Vitamin B3 could prevent miscarriages and defects, study suggests
Niacin typically found in meats, green vegetables and many pregnancy multivitamins
The authors suggest giving women Vitamin B3 (niacin) supplements before and during pregnancy could significantly cut the rate of miscarriages and congenital malformations globally. File photograph: iStockPhoto
Scientists in Australia have identified a major cause of miscarriages and multiple birth defects that could change the way women prepare for pregnancy.
Having low levels of a vital molecule called Nicotinamide Adenine Dinucleotide (NAD) damages embryos in the crucial first weeks of pregnancy when organs start forming, the scientists at Victor Chang Cardiac Research Institute have discovered.
They have called it “a double breakthrough”, as they found both a cause and a preventative solution.
Publishing their findings in the New England Journal of Medicine, the authors suggest giving women Vitamin B3 (niacin) supplements before and during pregnancy could significantly cut the rate of miscarriages and congenital malformations globally.
Vitamin B3 is typically found in meats and green vegetables, while most pregnancy multivitamins contain niacin. It is also found in the yeast extract product Marmite.
With 7.9 million babies born each year with a birth defect worldwide, the team hopes the benefits are wide-reaching. Experts have advised, however, that the findings “cannot be translated into recommendations” for pregnancy – as there are many causes of miscarriage.
The researchers analysed the DNA of four families where the mothers had suffered multiple miscarriages or their babies were born with multiple birth defects, such as heart, kidney, vertebrae and cleft palate problems.
They found mutations in two genes that caused the child to be deficient in NAD, which allows cells to generate energy and organs to develop normally.
Lead researcher Prof Sally Dunwoodie replicated these mutations in mice but found they could be corrected if the pregnant mother took niacin (vitamin B3).
“You can boost your levels of NAD and completely prevent the miscarriages and birth defects. It bypasses the genetic problem,” she said. “It’s rare that you find a cause and a prevention in the same study.
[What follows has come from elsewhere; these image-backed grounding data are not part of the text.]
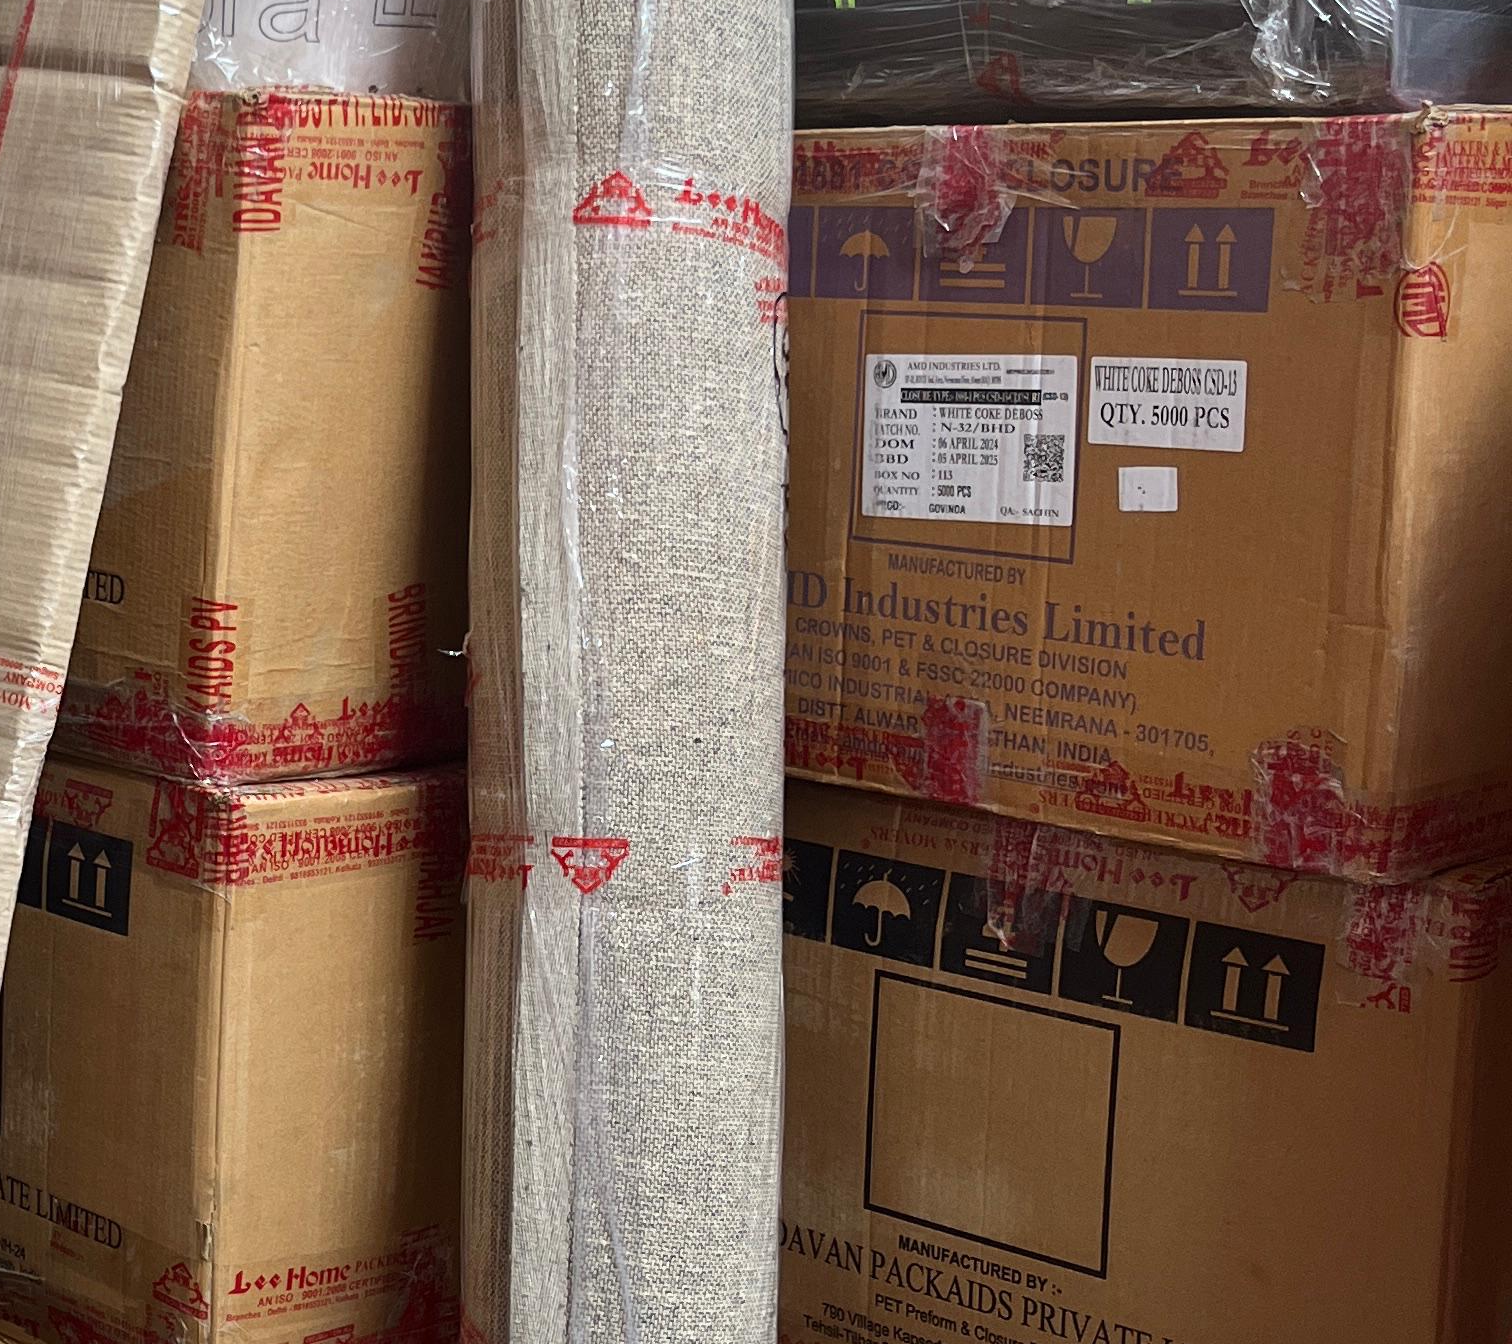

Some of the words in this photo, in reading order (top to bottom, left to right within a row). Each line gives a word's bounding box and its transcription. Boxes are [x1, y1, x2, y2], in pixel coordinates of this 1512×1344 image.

[307, 162, 372, 189] Home
[1095, 365, 1129, 392] WHITE
[1131, 366, 1159, 392] COKE
[1162, 367, 1201, 395] DEBOSS
[939, 409, 972, 420] WHITE
[975, 409, 1001, 420] COKE
[1004, 409, 1043, 420] DEBOSS
[1100, 402, 1146, 428] QTY.
[1151, 406, 1188, 426] 5000
[1194, 407, 1229, 428] PCS
[949, 439, 978, 450] APRIL
[949, 454, 978, 465] APRIL
[889, 553, 1003, 582] MANUFACTURED
[1007, 567, 1026, 586] BY
[843, 576, 1028, 636] Industries
[1044, 600, 1205, 660] Limited
[818, 647, 846, 666] ISO
[851, 653, 890, 672] 9001
[898, 659, 910, 676] &
[916, 662, 965, 684] FSSC
[882, 629, 916, 649] PET
[923, 635, 934, 651] &
[940, 637, 1032, 666] CLOSURE
[1039, 649, 1127, 679] DIVISION
[35, 1188, 122, 1249] LIMITED
[228, 1270, 281, 1295] Lee
[286, 1264, 352, 1291] Home
[898, 1235, 1022, 1285] MANUFACTURED
[1026, 1273, 1048, 1292] BY
[869, 1248, 1013, 1322] PACKAIDS
[848, 1311, 890, 1338] Village
[874, 1293, 903, 1314] PET
[906, 1303, 957, 1333] Preform
[961, 1321, 970, 1337] &
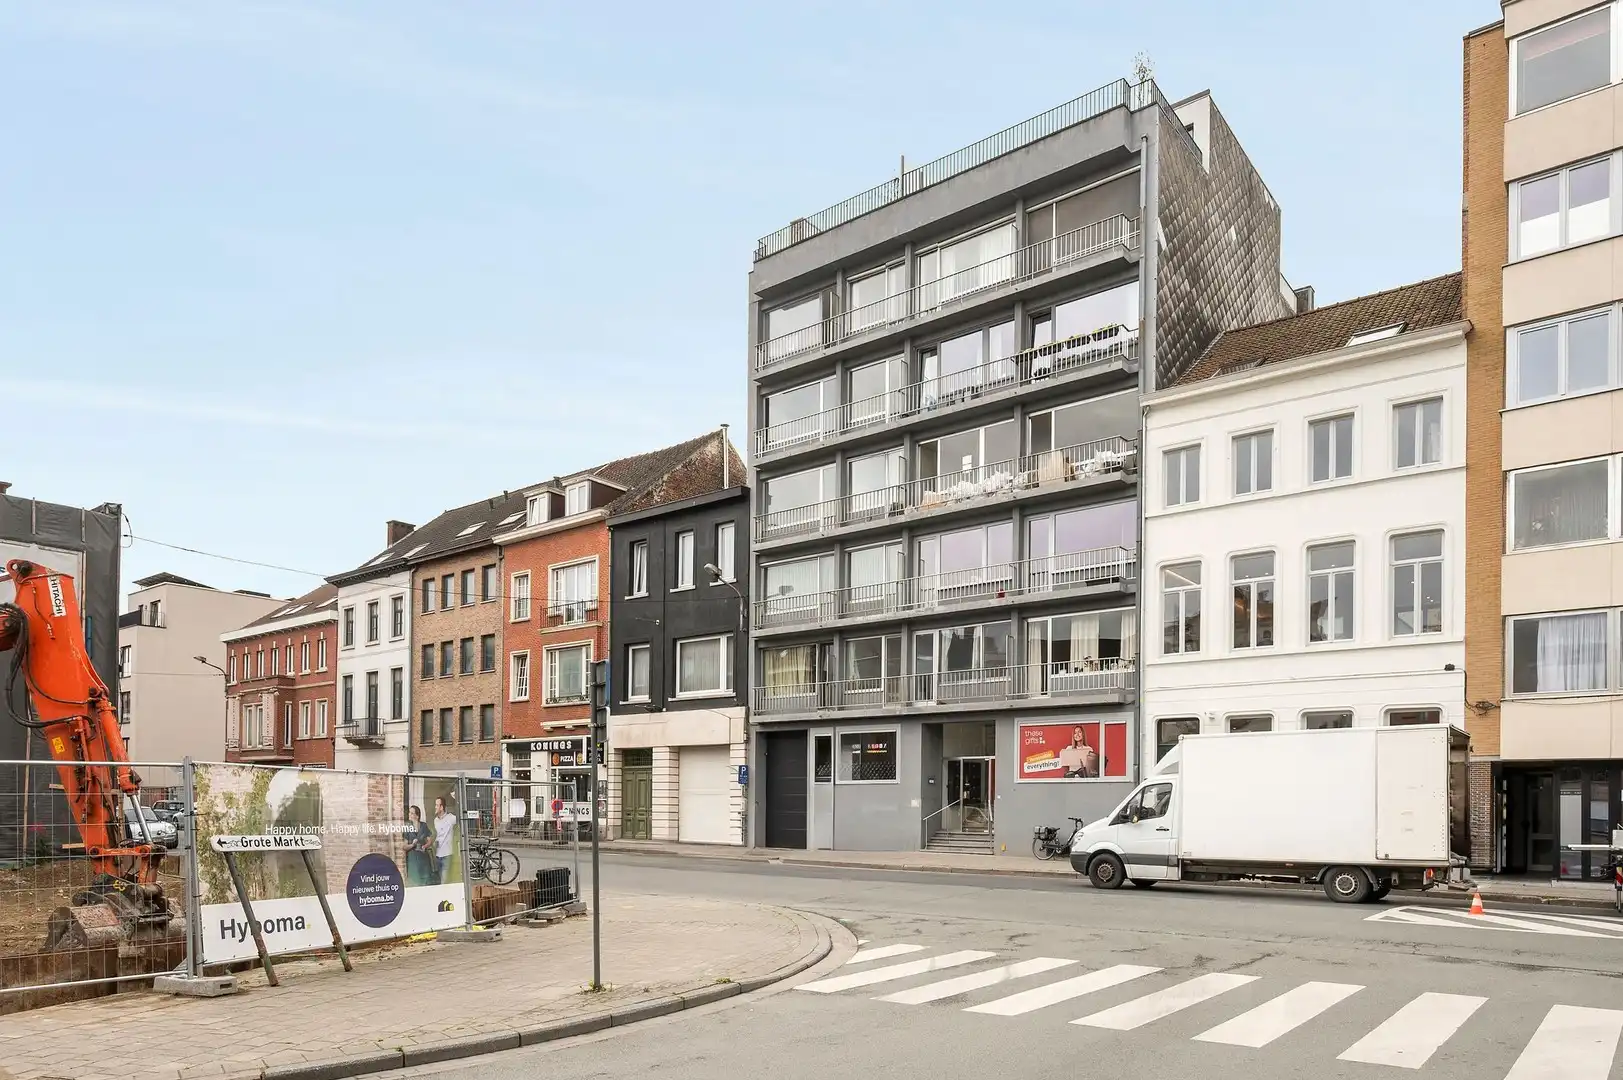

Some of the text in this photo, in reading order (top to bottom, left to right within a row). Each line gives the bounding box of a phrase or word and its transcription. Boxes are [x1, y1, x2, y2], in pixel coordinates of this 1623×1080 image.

[51, 578, 62, 614] HITACHI
[530, 741, 572, 751] KONINGS
[493, 766, 499, 775] P
[741, 766, 747, 775] P
[265, 824, 298, 836] Happy
[330, 823, 361, 836] Happy
[378, 823, 417, 836] Hyboma.
[240, 836, 305, 848] Grote Markt
[360, 874, 390, 884] Vind jouw
[352, 884, 399, 894] nieuwe thuis op
[359, 894, 394, 905] hyboma.be
And the prevention is so simple, it’s a vitamin,” she added.
Niacin deficiency is not as widespread as folate deficiency in the population where a balanced diet is being consumed. But a recent US study of over 560 women taking pregnancy multivitamins found one third had low levels of vitamin B3 in their first trimester of pregnancy, suggesting pregnant women were either not absorbing enough niacin from the foods they ate, or they may need more niacin than pregnancy supplements provide.
The Australian researchers do not claim to have found the source of all birth defects and miscarriages, or that boosting niacin levels can prevent all malformations.
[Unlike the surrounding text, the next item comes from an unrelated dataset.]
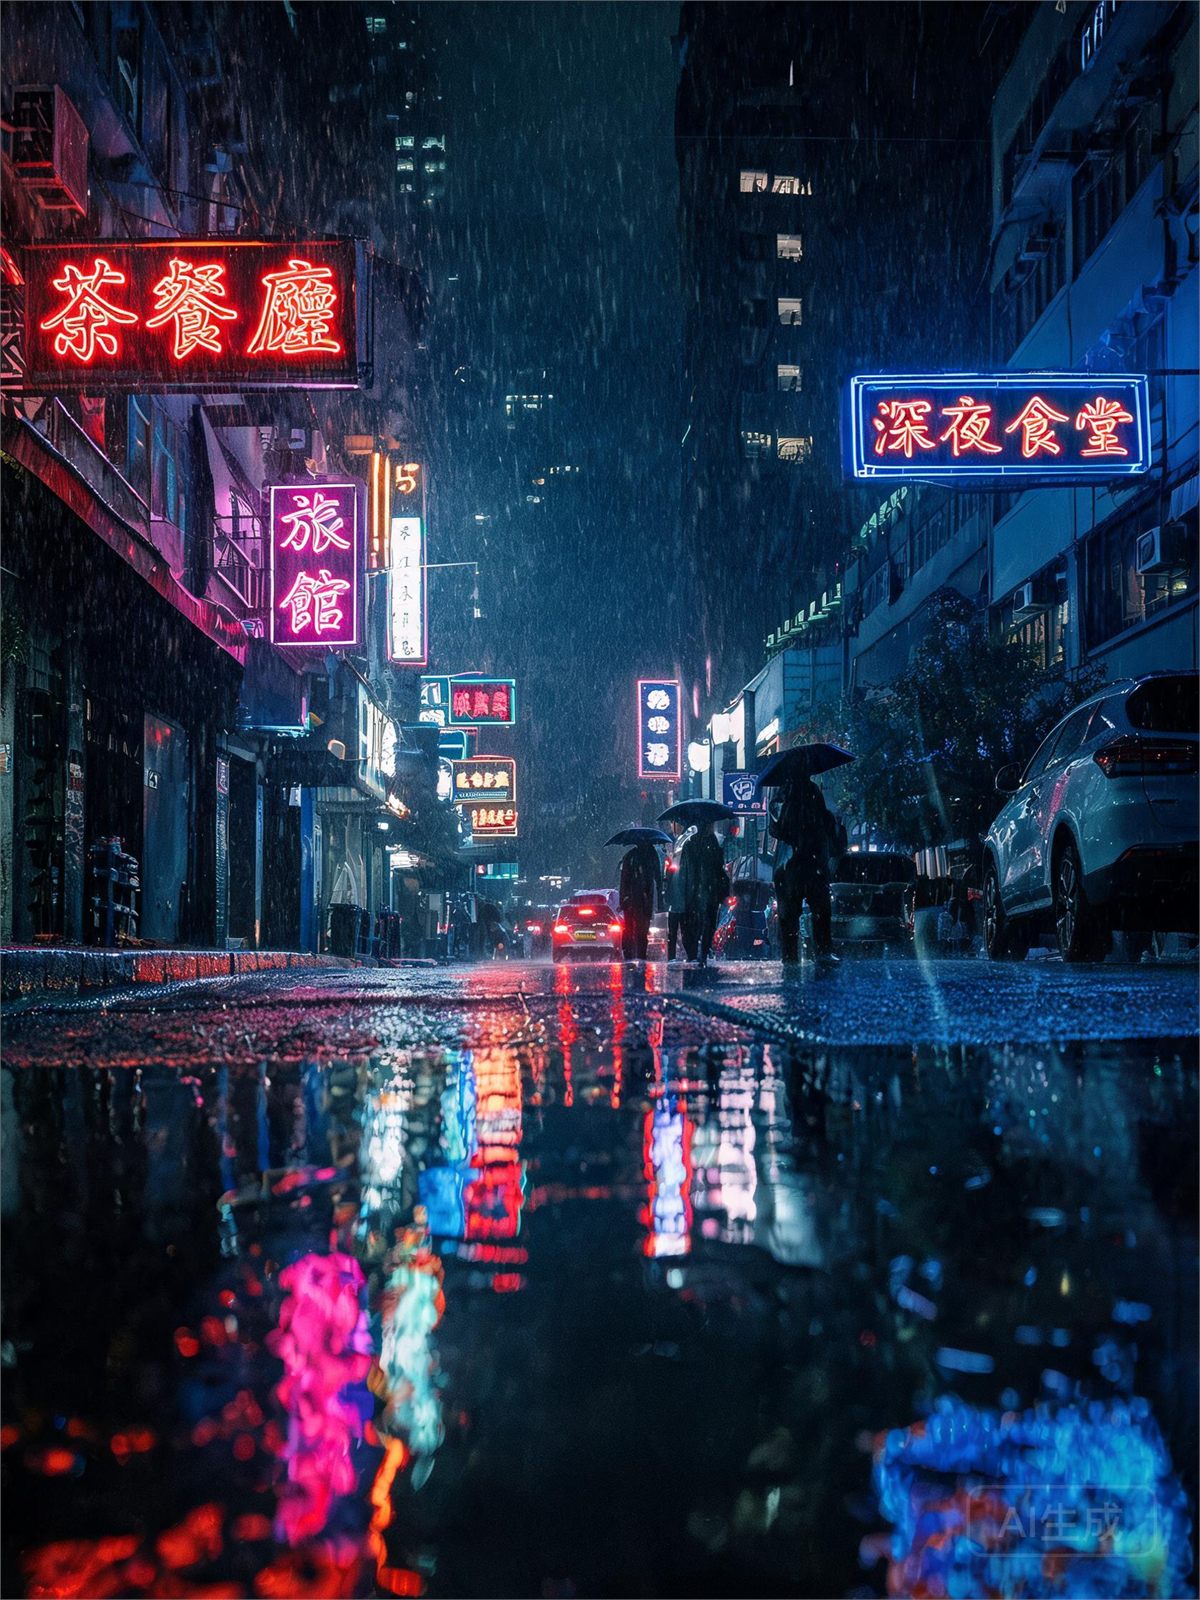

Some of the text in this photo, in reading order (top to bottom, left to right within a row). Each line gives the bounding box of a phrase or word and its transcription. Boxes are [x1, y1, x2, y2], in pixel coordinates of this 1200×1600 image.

“The findings might be restricted to families with multiple miscarriages and multiple birth defects, but it could have far broader relevance and affect many more families [at risk of having] babies with just one defect,” Prof Dunwoodie said.
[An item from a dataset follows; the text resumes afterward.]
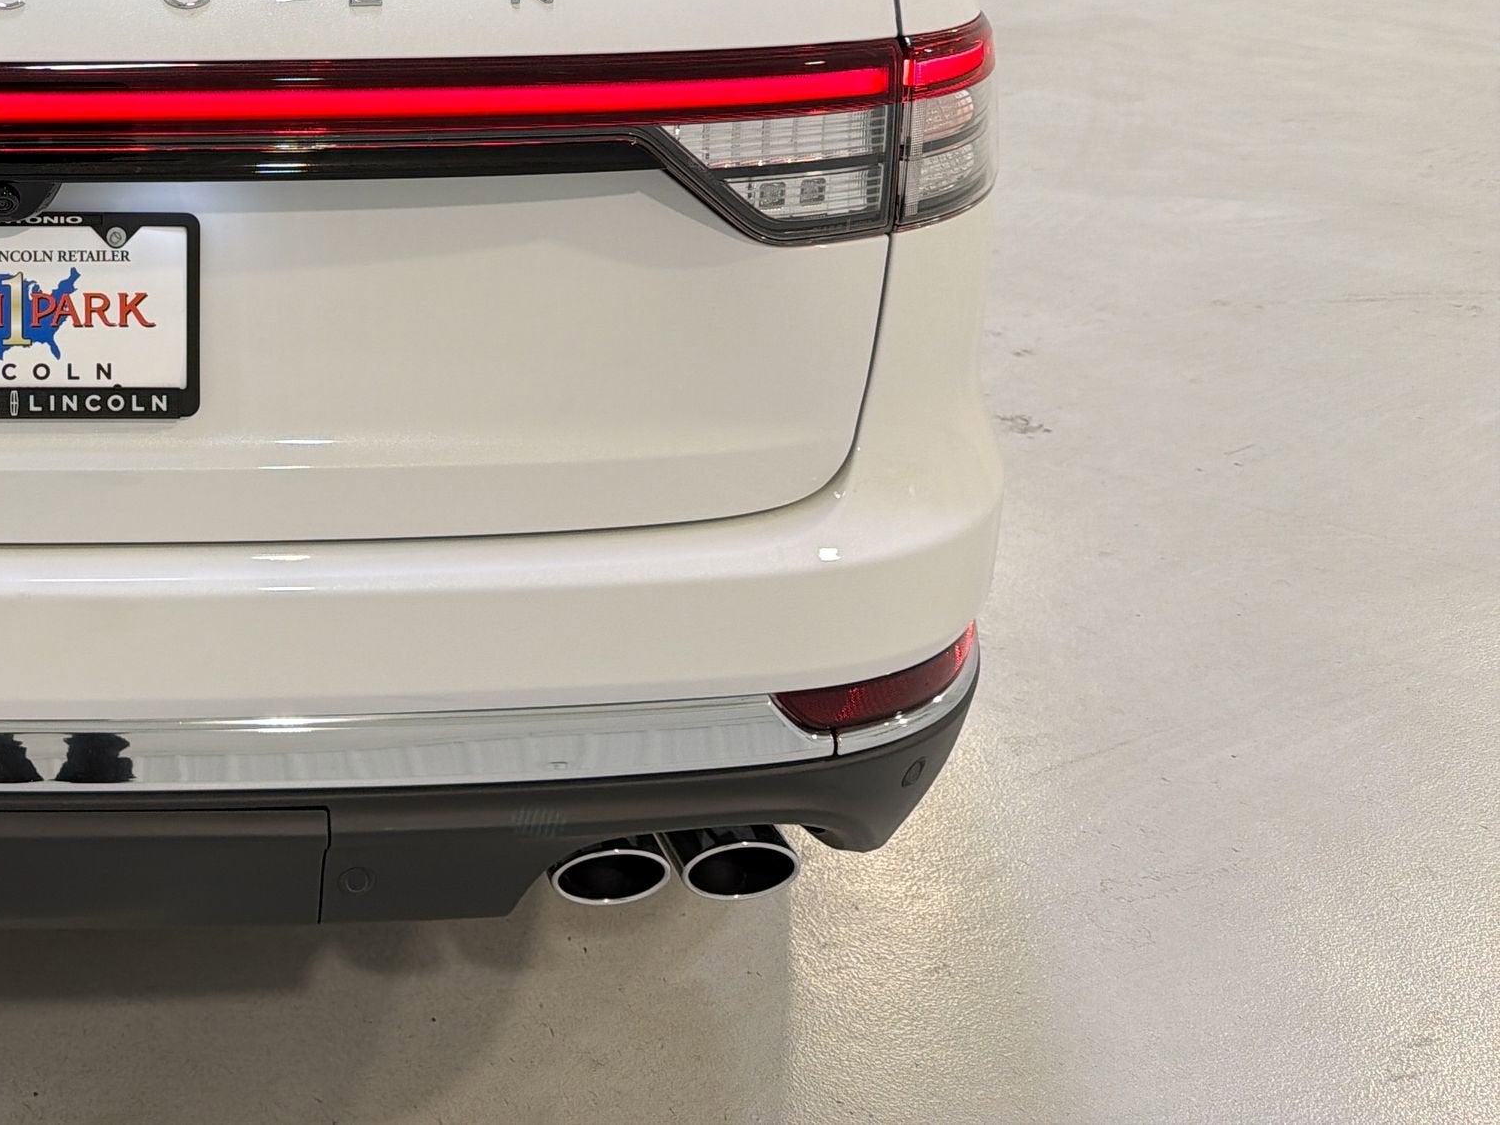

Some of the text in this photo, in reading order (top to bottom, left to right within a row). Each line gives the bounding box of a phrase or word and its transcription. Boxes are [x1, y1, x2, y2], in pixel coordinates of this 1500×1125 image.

The study, carried out over a 12-year period, could impact on one on four pregnancies that result in miscarriage in Ireland, with this rate rising significantly once women are over 35, according to an IVF expert.
Prof Simon Fishel, director of Beacon CARE Fertility in Dublin, said: “While an intriguing and potentially important scientific study, which has been well conducted, it must be recognised that miscarriage has many causes.”
Prof Fischel, an expert in fertility research and member of the team that pioneered IVF treatment, pointed out that the largest single cause of miscarriage was chromosome errors, “and what we find in mouse modelling needs to be of proven medical concern in humans”.
As Vitamin B3 is fairly ubiquitous in foods, “NAD deficiency is more likely to be associated with a defective gene, or metabolic process; so discovering who is or is likely to require Niacin supplementation is crucial to understanding its value,” he added.
Dr Katie Morris, an expert in foetal medicine at the University of Birmingham, told the BBC: “While exciting, this discovery cannot be translated into recommendations for pregnant women, who at most may be deficient in vitamin B3.
“The doses used in this research were 10 times the recommended daily doses for supplementation in women.”
The side-effects of this high dosage were not known, with pregnancy complications often occurring because of the complex interaction of a number of factors, she said.
For now, Prof Dunwoodie recommended pregnant women take a pregnancy-specific multivitamin, which includes the advised 18 milligrams of niacin. “But, we’re not all the same in how we absorb nutrients,” she said, adding that body mass index and diabetes can influence how a woman produces NAD.
She added: “We don’t know who these women are that don’t make sufficient levels, so that will be the next thing to study.”